Parallèlement à sa décision de relever les taux de 25 points de base (pb), la Fed a indiqué que cette mesure visait à soutenir au mieux son double mandat, particulièrement dans un contexte marqué par de nouvelles créations d’emplois et une forte croissance de la productivité.
Elle a souligné que l’activité économique continuait de progresser, portée par une demande intérieure solide malgré les incertitudes géopolitiques persistantes. Elle a également confirmé son engagement à maintenir des réserves abondantes dans le système bancaire. Cette décision devrait favoriser un retour plus rapide de l’inflation vers l’objectif de 2%.

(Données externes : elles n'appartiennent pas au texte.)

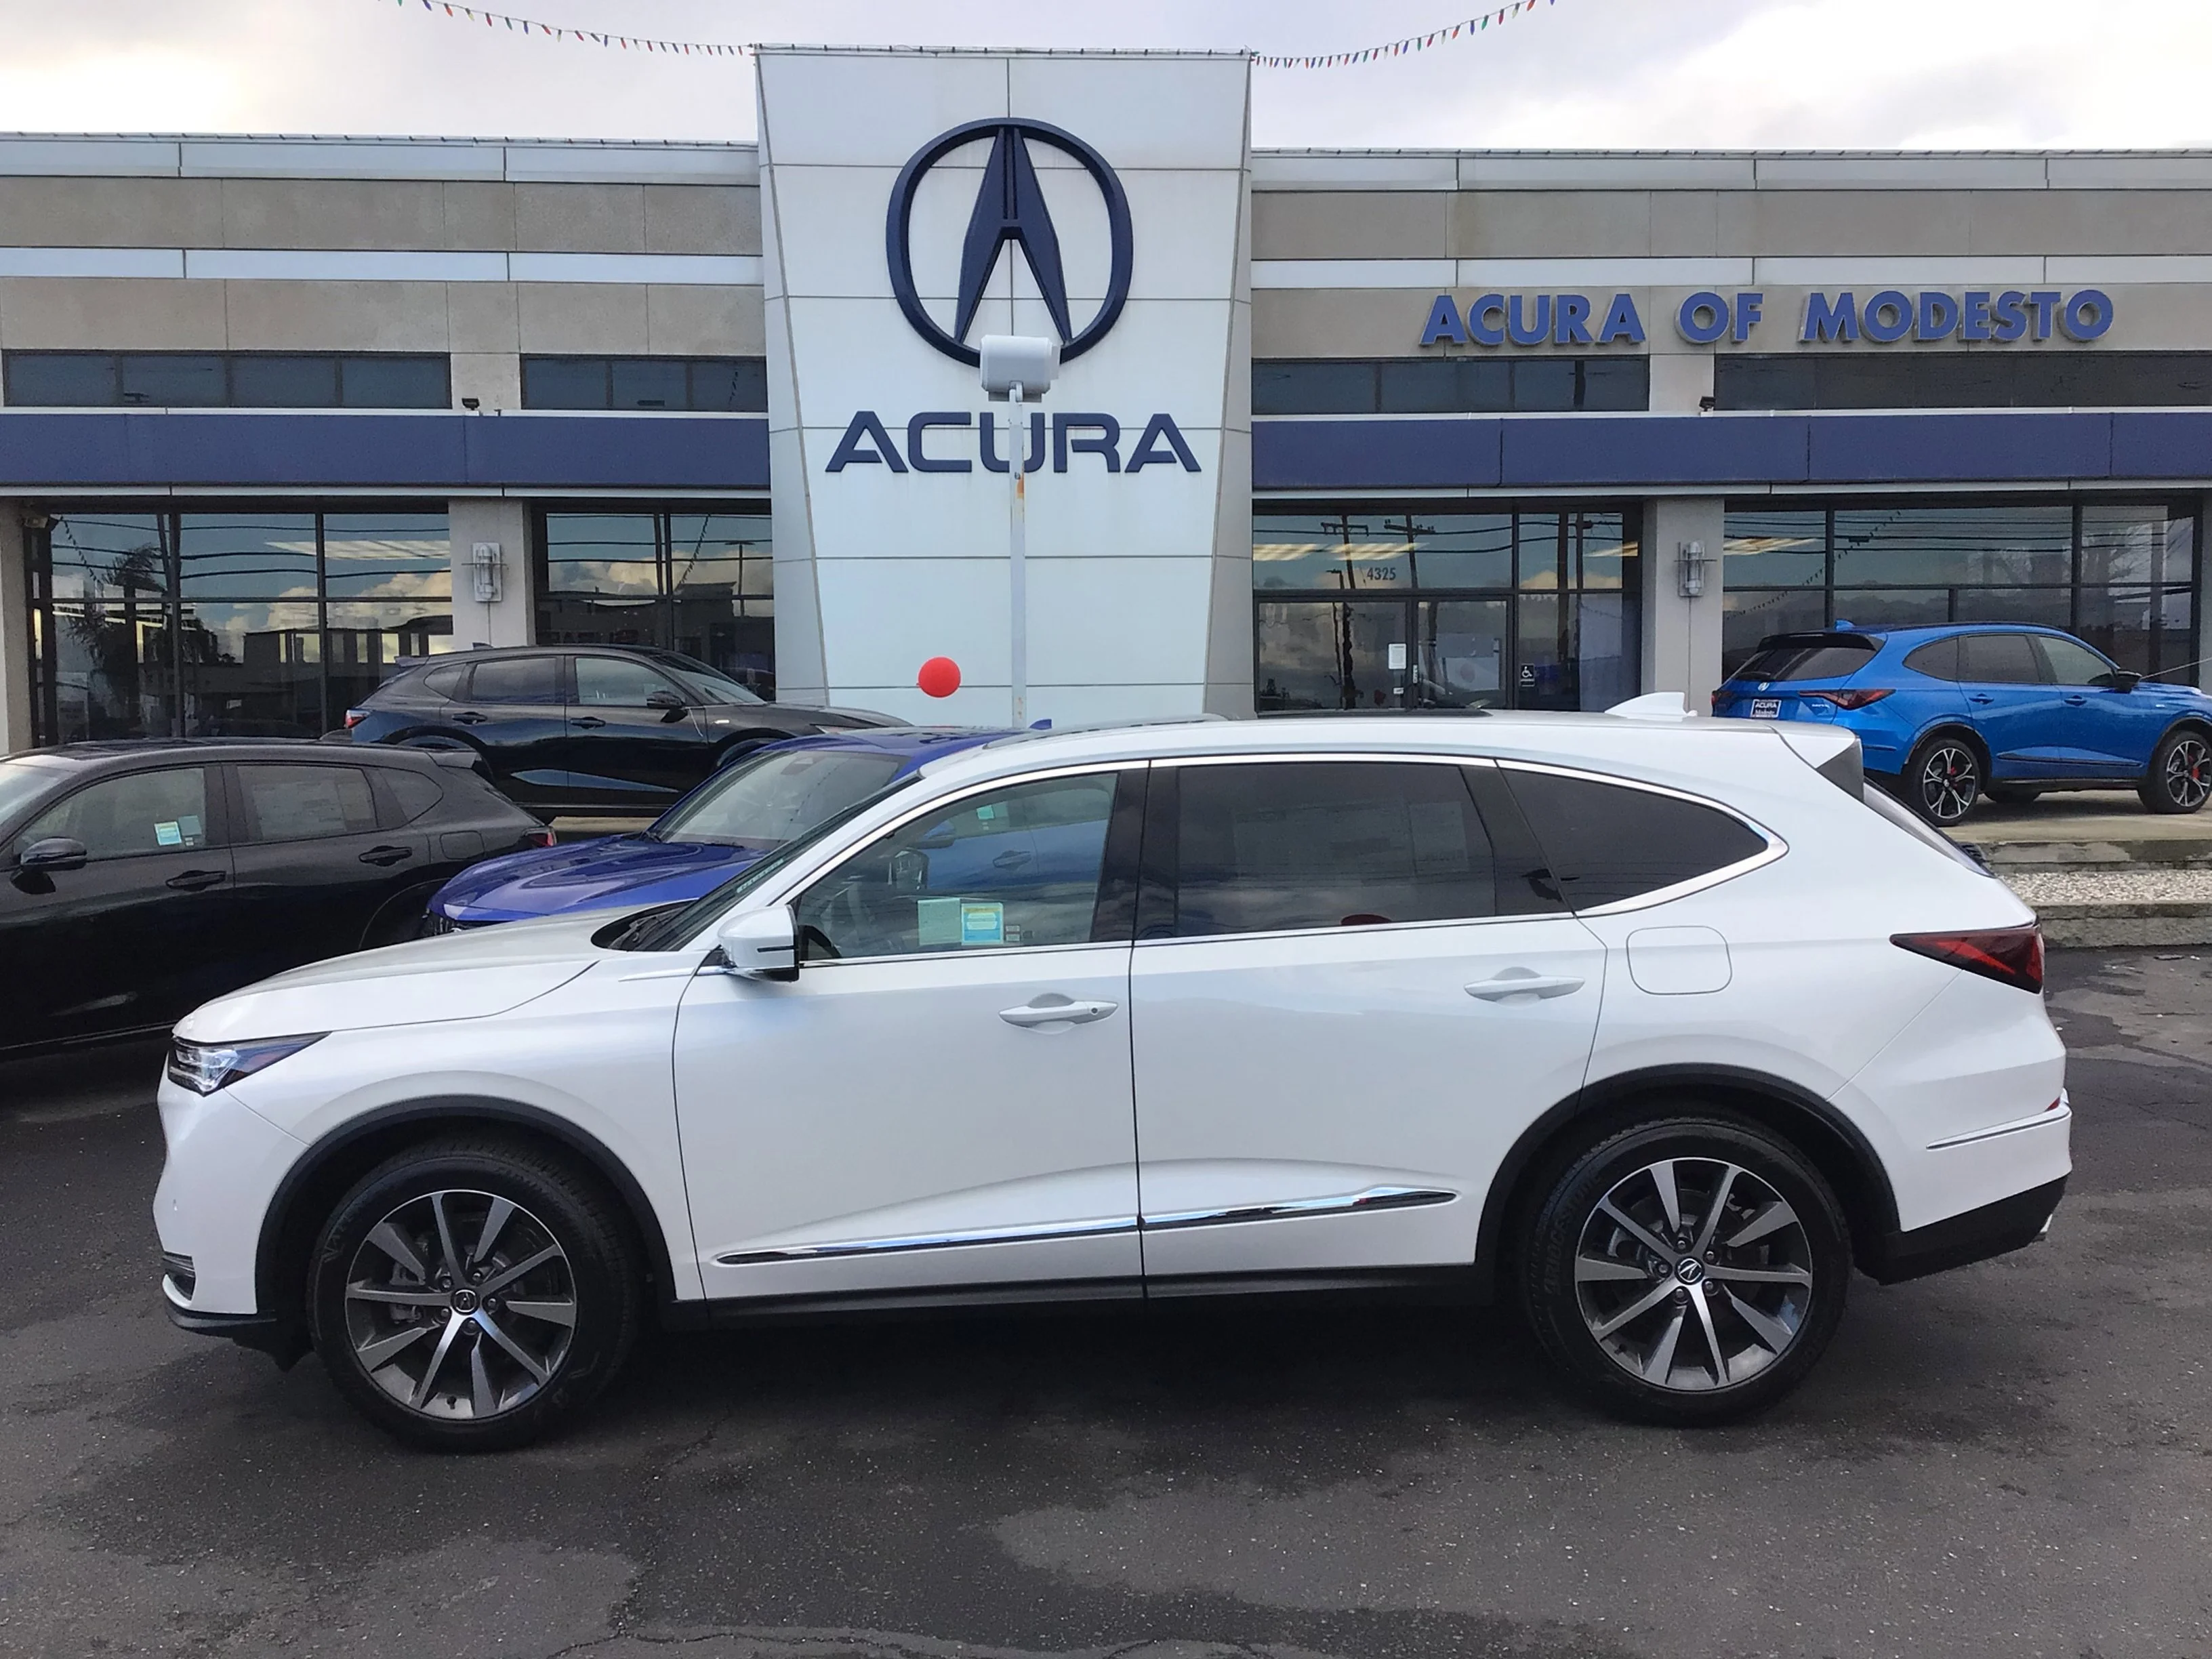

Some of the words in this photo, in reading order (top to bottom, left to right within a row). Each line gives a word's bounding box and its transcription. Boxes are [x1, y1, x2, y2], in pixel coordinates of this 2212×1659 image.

[1420, 293, 1645, 345] ACURA
[1679, 291, 1763, 344] OF
[1803, 289, 2114, 343] MODESTO
[825, 411, 1202, 473] ACURA
[1367, 567, 1396, 580] 4325

Dans ses nouvelles projections économiques, la Fed prévoit désormais un taux directeur médian de 4,1% pour 2026, contre 3,9% en juin. Ce taux est également attendu à 4,1% en 2027, puis à 3,9% en 2028. Pour 2026, la prévision de croissance du PIB a été relevée de 2,2% à 2,3%, celle du taux de chômage a été abaissée de 4,3% à 4,1%. L’inflation PCE de base est par ailleurs attendue à 3,7% et l’inflation PCE sous-jacente (sans les prix de l’énergie) à 3,4%, légèrement au-dessus des projections de juin, qui s’établissaient respectivement à 3,6% et 3,3%.

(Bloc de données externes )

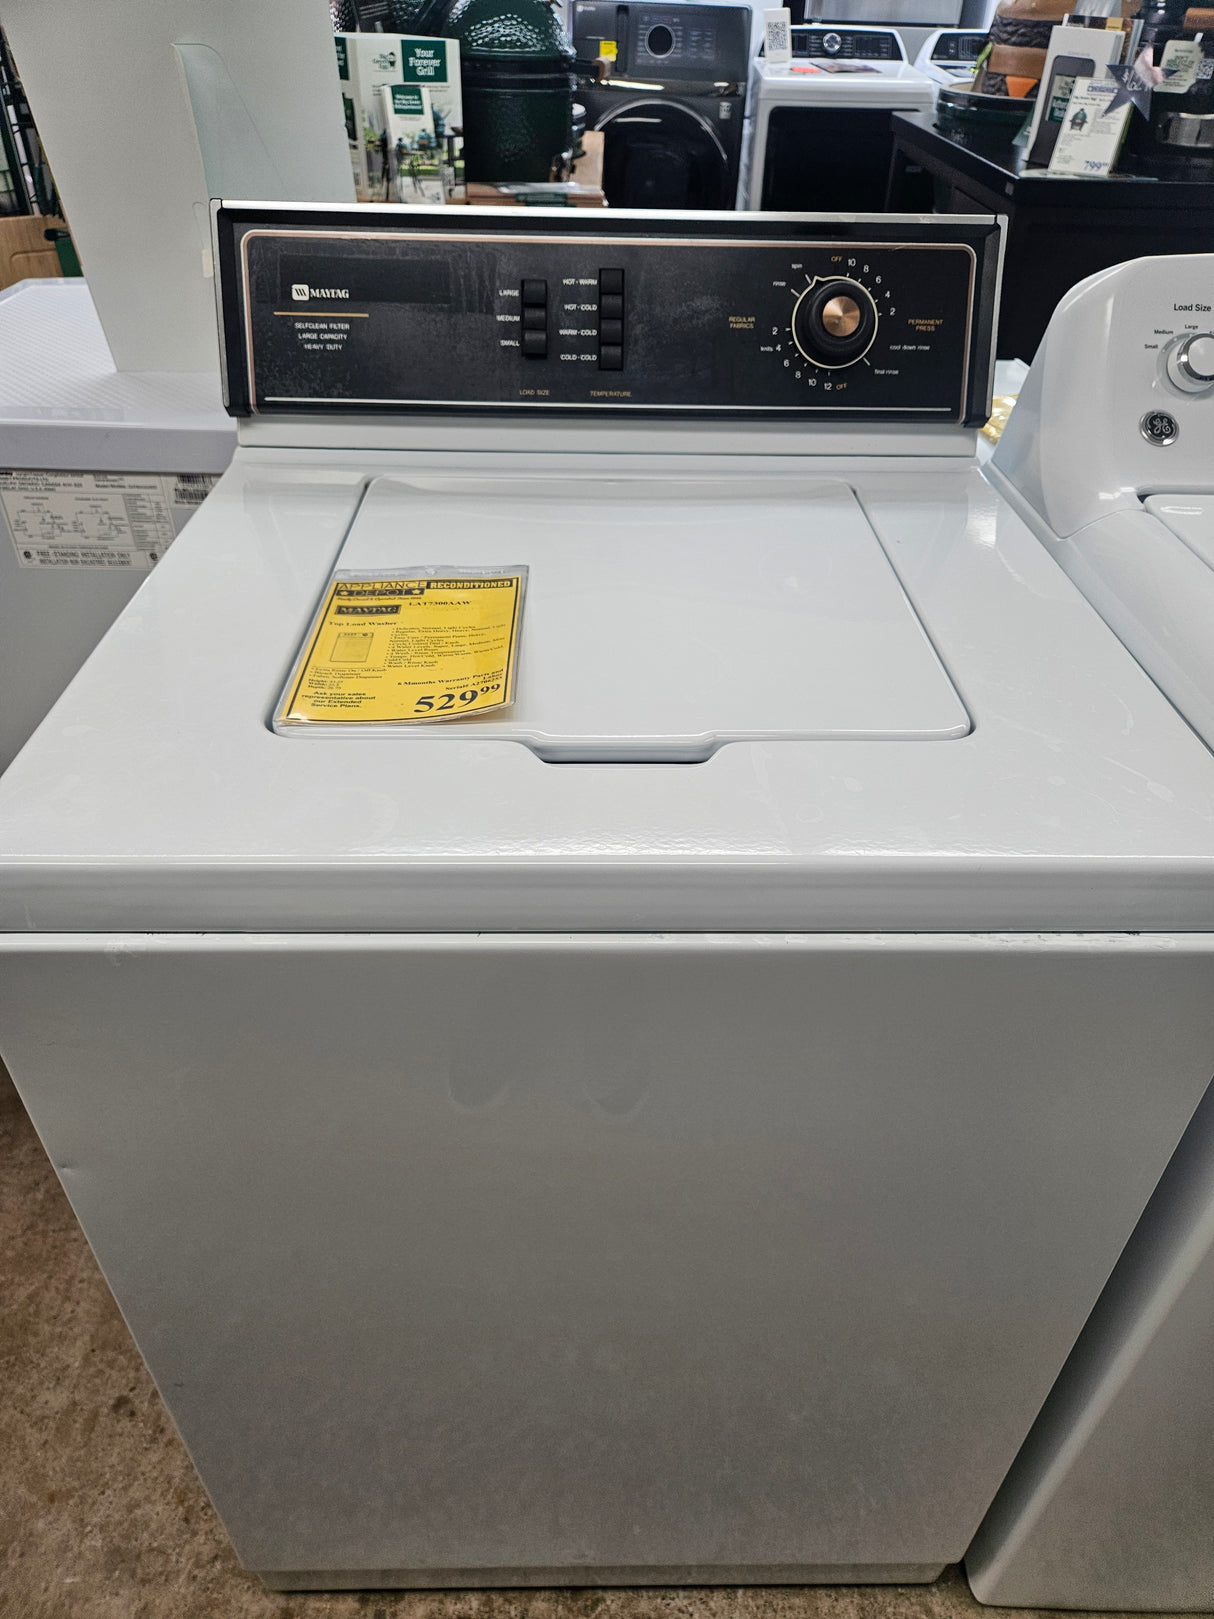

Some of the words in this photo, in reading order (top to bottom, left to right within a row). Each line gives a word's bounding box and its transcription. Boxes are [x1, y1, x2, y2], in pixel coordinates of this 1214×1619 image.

[414, 47, 434, 58] Your
[408, 57, 441, 67] Forever
[416, 66, 435, 76] Grill
[847, 258, 857, 267] 10
[862, 264, 870, 273] 8
[875, 275, 882, 284] 6
[309, 288, 350, 299] MAYTAG
[499, 289, 520, 297] LARGE
[884, 290, 891, 299] 4
[889, 307, 896, 316] 2
[1173, 303, 1194, 312] Load
[1194, 303, 1212, 313] Size
[496, 314, 521, 322] MEDIUM
[907, 318, 944, 326] PERMANENT
[295, 322, 328, 330] SELFCLEAN
[329, 323, 351, 331] FILTER
[771, 326, 779, 336] 2
[298, 332, 318, 340] LARGE
[319, 333, 348, 341] CAPACITY
[304, 343, 324, 351] HEAVY
[325, 343, 343, 351] DUTY
[500, 339, 520, 347] SMALL
[775, 344, 782, 352] 4
[783, 359, 790, 368] 6
[794, 371, 802, 379] 8
[808, 378, 817, 387] 10
[824, 382, 833, 391] 12
[835, 382, 848, 390] OFF
[519, 388, 536, 396] LOAD
[536, 388, 551, 396] SIZE
[589, 390, 632, 398] TEMPERATURE
[338, 582, 425, 590] APPLIANCE
[430, 581, 511, 589] RECONDITIONED
[340, 606, 397, 615] MAYTAG
[438, 676, 471, 684] Warranty
[413, 689, 478, 713] 529
[480, 683, 501, 696] 99

La hausse des taux a été approuvée à l’unanimité par les 12 membres votants. Le graphique des prévisions reste orienté vers des taux durablement élevés : la plupart des participants s’attendent à ce que le taux directeur reste proche de 4% en 2026. La dispersion plus marquée des projections pour 2027, d’environ 3% à plus de 4%, souligne l’incertitude croissante quant au niveau auquel les taux finiront par se stabiliser. Dans l’ensemble, une croissance plus solide et un marché du travail résilient pourraient conduire la banque centrale à maintenir une politique restrictive plus longtemps.

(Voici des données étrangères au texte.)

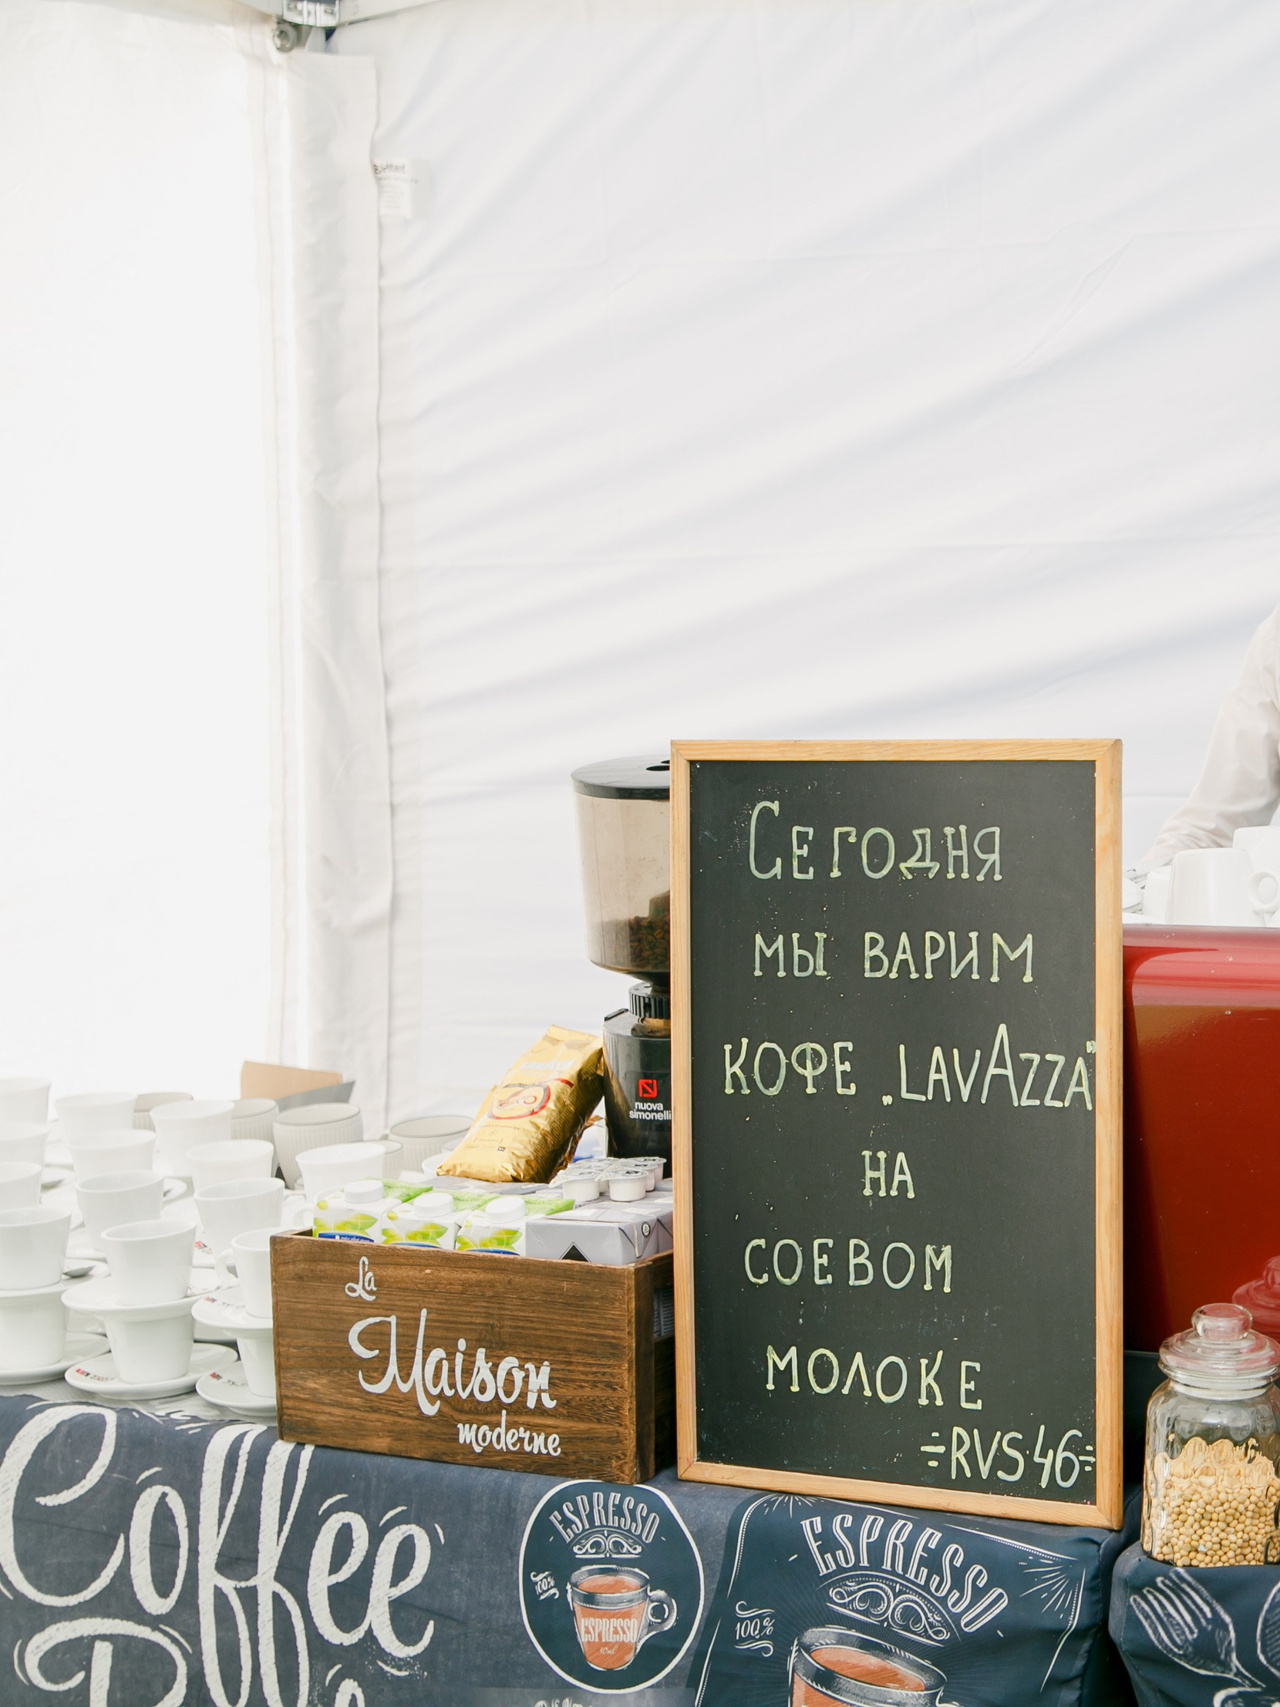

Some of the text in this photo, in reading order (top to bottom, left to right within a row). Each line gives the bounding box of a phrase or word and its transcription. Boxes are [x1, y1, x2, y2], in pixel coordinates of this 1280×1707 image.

Si la hausse des taux était largement anticipée, plusieurs éléments de la décision ont envoyé un signal plus restrictif. Le vote a été unanime, les responsables monétaires prévoient une nouvelle hausse d’ici la fin de l’année et le retour de l’inflation à 2% est repoussé. Parallèlement, le regard sur l’économie reste positif : l’emploi progresse au même rythme que la population active, le chômage varie peu, la productivité reste forte et les investissements des entreprises sont bien présents. Le marché du travail semble désormais stabilisé et pourrait même continuer à se renforcer. L’inflation reste toutefois trop élevée. Face à son double mandat (plein emploi et stabilité des prix), la banque centrale doit maintenir un équilibre délicat. En relevant son taux directeur de 25 pb, elle renforce sa crédibilité dans la lutte contre l’inflation.
Sur les marchés, la première réaction a reflété le ton restrictif de la décision et des déclarations du président Warsh. Les rendements des bons du Trésor américain, qui avaient baissé avant l’annonce, sont ensuite repartis à la hausse. La hausse a surtout concerné les échéances courtes : le rendement à 2 ans a progressé et l’écart entre les taux à 2 et 10 ans s’est réduit, passant d’environ 35 à 27 pb. Le dollar américain s’est apprécié, soutenu par la hausse des taux courts et par les attentes d’une politique monétaire plus ferme, permettant à l’indice DXY (dollar face à un panier de devises) de repasser au-dessus du seuil symbolique de 100. Dans le même temps, l’or a effacé ses gains et a reculé après la décision. La réaction des actions a été plus contrastée. Même si des taux plus élevés sont généralement peu favorables aux actifs risqués, les investisseurs accordent pour l’instant davantage d’importance à la solidité du cycle d’investissement dans l’intelligence artificielle qu’à une nouvelle variation de 25 à 50 pb du taux directeur.
Pour les investisseurs, cette décision concerne avant tout le marché obligataire. Ses effets devraient être plus marqués dans l’économie réelle que sur les marchés d’actions. La hausse des taux courts pèsera sur les activités sensibles au crédit, tandis que les investissements dans l’intelligence artificielle restent le principal moteur des marchés actions.